Originally Posted by *AdamsV88* 
when I went in I told them about my very odd "period" I had two weeks ago and about all my symptoms since then and about how hpts never worked with my third pregnancy and I only was able to find out about the pregnancy via blood test...

So you don't know for sure that you even had a period this month, correct? I would call again and try to talk to someone else, explaining that you're afraid the nurse you talked to last time misunderstood what you were saying.

I had to do a blood pregnancy test for school, even though I'd had 3 very clear positive HPTs, and it cost me $47 out of pocket! Had I known it would cost that, I would have argued with them. A dollar store test would have told them the same thing for way, way less. Is there a Planned Parenthood around where you live that could do it?


----------



## AdamsV88 (Jul 16, 2010)

Quote:


Originally Posted by *outlier* 
So you don't know for sure that you even had a period this month, correct? I would call again and try to talk to someone else, explaining that you're afraid the nurse you talked to last time misunderstood what you were saying.

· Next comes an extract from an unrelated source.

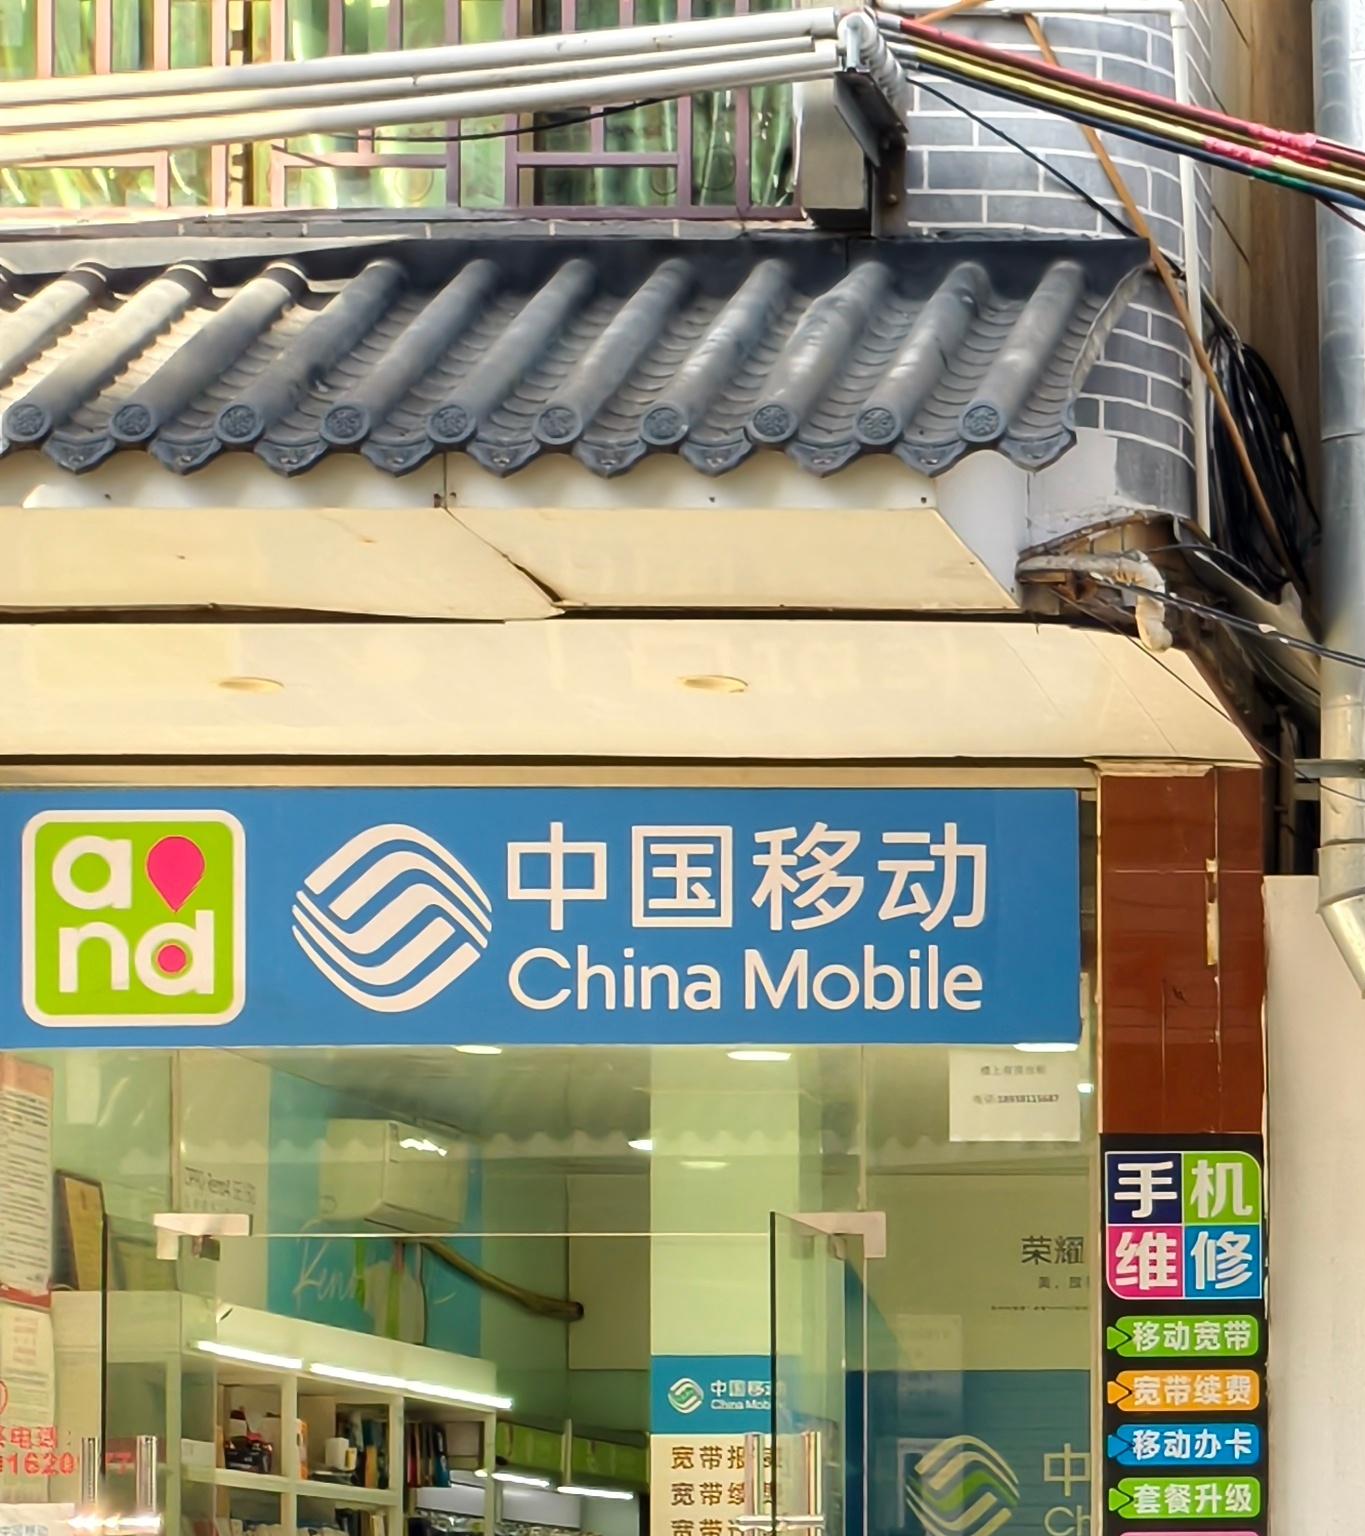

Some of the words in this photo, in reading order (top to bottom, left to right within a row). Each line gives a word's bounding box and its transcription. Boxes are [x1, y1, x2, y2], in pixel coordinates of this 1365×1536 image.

I had to do a blood pregnancy test for school, even though I'd had 3 very clear positive HPTs, and it cost me $47 out of pocket! Had I known it would cost that, I would have argued with them. A dollar store test would have told them the same thing for way, way less. Is there a Planned Parenthood around where you live that could do it?

The nurse went and talked to the OB that was there and she said she was relaying what the dr said. I am going to look around town and see what everyone charges and go from there. My SO said we will save up the money for it and see what happens in two weeks... if I get a period, see what it looks like, and if its weird like what I had two weeks ago, or see if I dont get it... HPTs wouldnt work for me with my last pregnancy, only the blood test was able to tell me I was pregnant (levels were almost to 50 and I had taken a couple sensitive hpts that day too and they still never picked it up).... After something like that happening I am afraid it could happen again and a blood test is the only way for me to know. I just wish people would listen to me and take me seriously. I know my body and I have been through three other pregnancies... even if it comes out negative then I will at least know that something else is causing everything and I can get all that checked out and figure out what is wrong. kwim?

Thank you for replying.


----------



## lovebug (Nov 2, 2004)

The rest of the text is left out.